3. FIGURE OUT WHERE IT WILL SIT – This item is pretty large, even if it isn’t especially heavy. Many people purchase rolling kitchen carts or workbenches so they can move the item to a window when in use. This is a great idea, but keep in mind two things. Firstly, the FOUR CORNERS of the machine must be supported – so you must ensure the surface allows all four rubber feet to touch and none of your machine hangs over the edge. This can be challenging as finding something with a large enough work table can be difficult. Secondly, your Glowforge draws a good bit of power and should be plugged directly into the wall according to the GF manual, so place it where it can reach a plug without needing a surge protector or extension cords. Ensure that your surface is level and stable, and the area it will run in is out of blasting sunlight or the heat. An air-conditioned space is ideal if you don’t have a pro. Also, this thing needs a constant internet connection and cannot be hardwired so you may need to plan for placement based on your wifi reception as well.


These are the Glowforge specs. Make sure you have room for this AND for the few inches of vent that will need to stick out of the back.


This is my setup before and after moving my forge. I have created a removable vent “frame” that can be placed in the window when the GF is in use to prevent fumes from blowing back into the house. There is an inline fan which helps boost the power of the internal fan by 100 CFM (cubic feet a minute) and reduce fumes. I have an elbow joint on the window and a second hose that drops 3′ down from the window. The elbow hose isn’t really needed. I would have been fine with just a hole to shove the hose through honestly.
To learn more about my setup check out my : Mobile Setup Post

4. PLAN FOR YOUR VENT – When you buy a Glowforge you’re going to need somewhere to vent the machine. Ideally, your hose will go in a straight line from the back of your machine right out of a window. Every bend in your hose and every inch of length lowers the efficiency of your venting system, so if you’ll need to purchase a longer hose (8′ is NOT as long as you think it is, especially since it is supposed to hang 3′ out of the window) you will want to consider a an inline fan to boost your venting capacity. They aren’t very expensive, and they will help push more air out of the hose. The fan I use just slightly boosts the fan because of the length of my hose. The Glowforge fan needs to continue running in tandem. If you’d like to turn off your Glowforge fan and essentially use a stronger inline fan, this Cloudline for $109 is a great option (you’ll need reducers and to set your GF to inline filter in the settings. Many people swear by the Cloudline as it makes things much quieter, but I’m fine for now with my little “booster” fan. 

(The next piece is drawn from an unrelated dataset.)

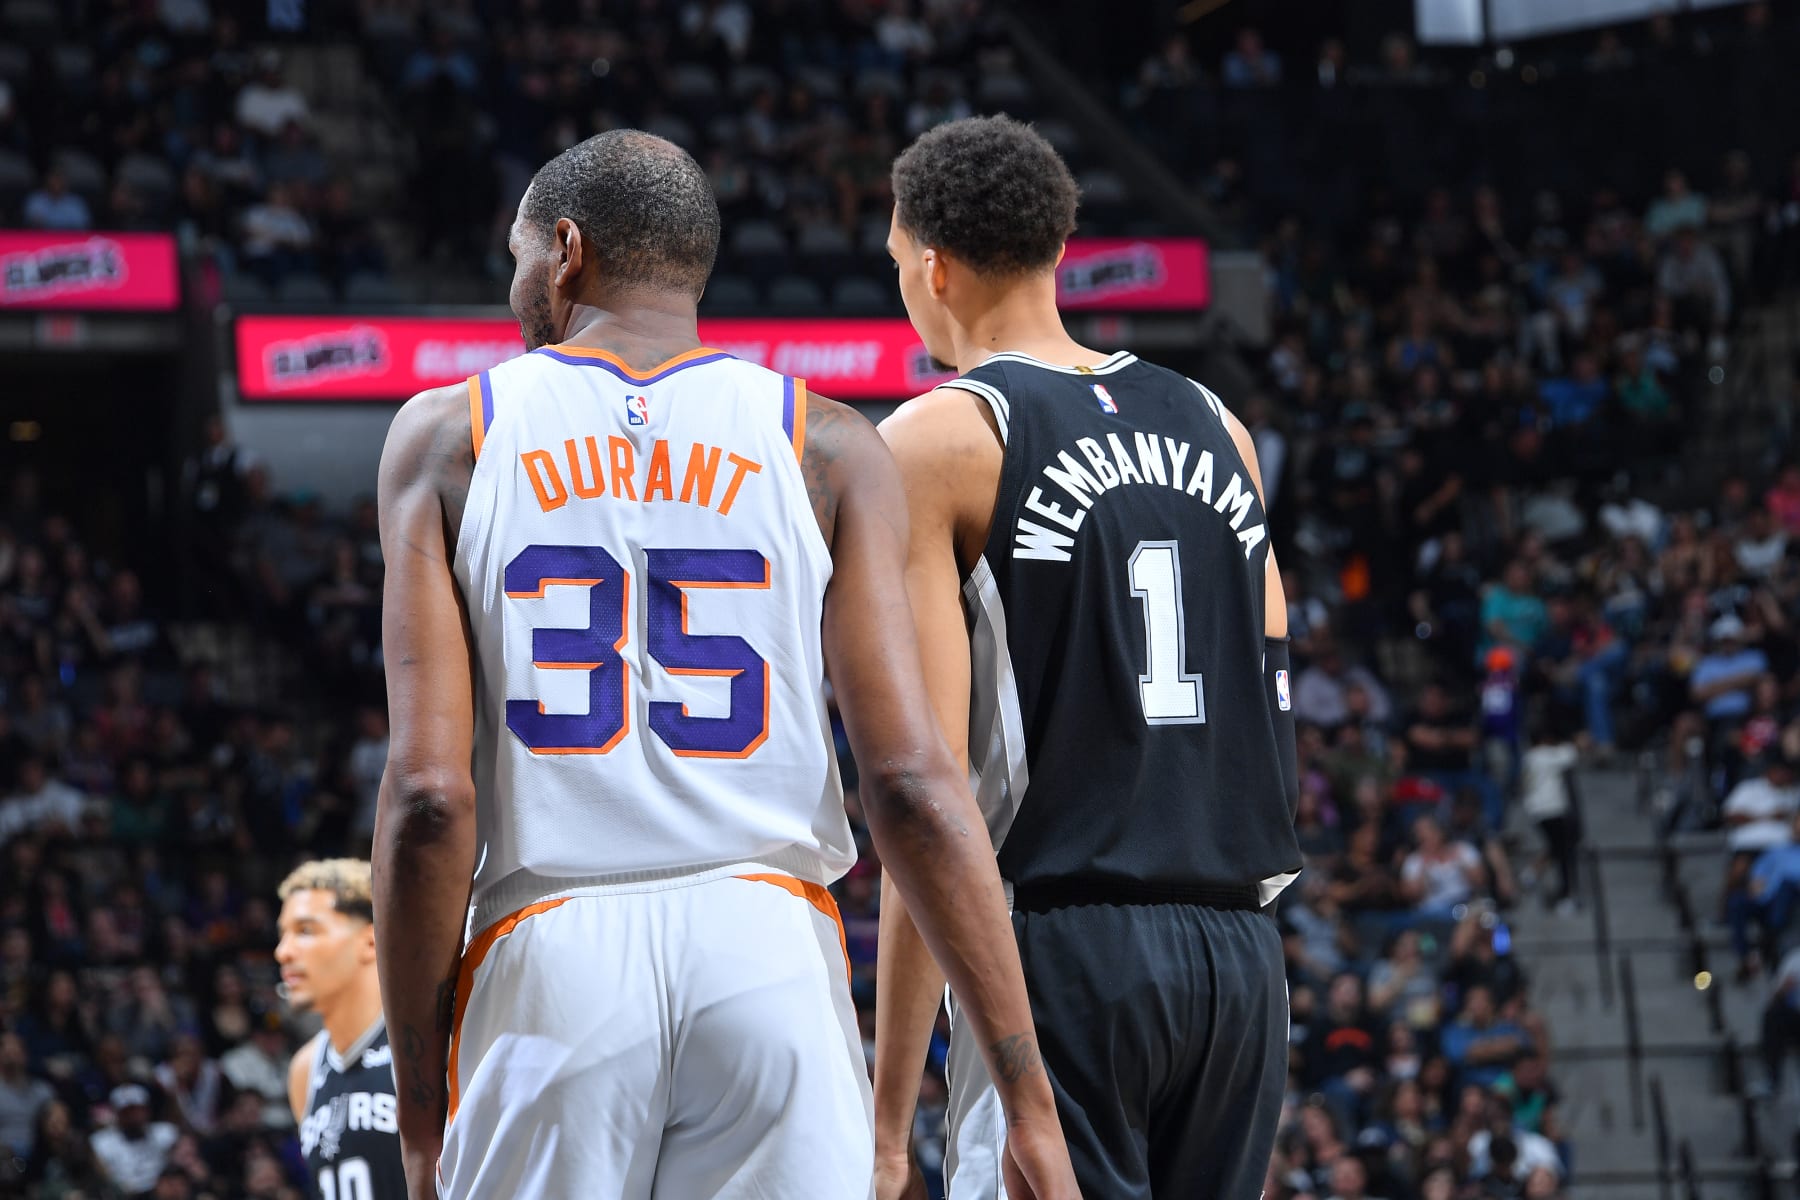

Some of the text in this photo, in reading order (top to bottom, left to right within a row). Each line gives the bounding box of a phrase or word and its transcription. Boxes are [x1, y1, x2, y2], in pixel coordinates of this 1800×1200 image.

Don’t buy the Glowforge filter, It absolutely sucks. I have yet to hear of anyone that actually likes it. 


This is how my hose is set up with the elbow joint I attached to the wood. I used aluminum tape to secure any joints. Many people like to invest in a rubber or insulated hose which will even better help with keeping fumes out of your workspace.

5. Brush up on safety – Learn what you CAN and CANNOT cut. I see tons of people engraving fake leather without realizing it releases toxic CHLORINE gas and can corrode your laser (and poison you). Lots of people buy these machines without even taking the time to learn they cannot cut metal or that you shouldn’t cut both food and non-food items in the same machine. Spend your time waiting for your machine wisely and learn more about the design programs you will use, and how to safely cut different materials.


This is one of the most common questions I see on the forums. People are always really excited to get their machine, but there is nothing more frustrating than having it arrive only to realize you’re missing a super essential item to do your first project. Here is my list of suggested items, with explanations of why you might need them. Many of these items can found in my Amazon Suggestion List. Most of the products are also linked below.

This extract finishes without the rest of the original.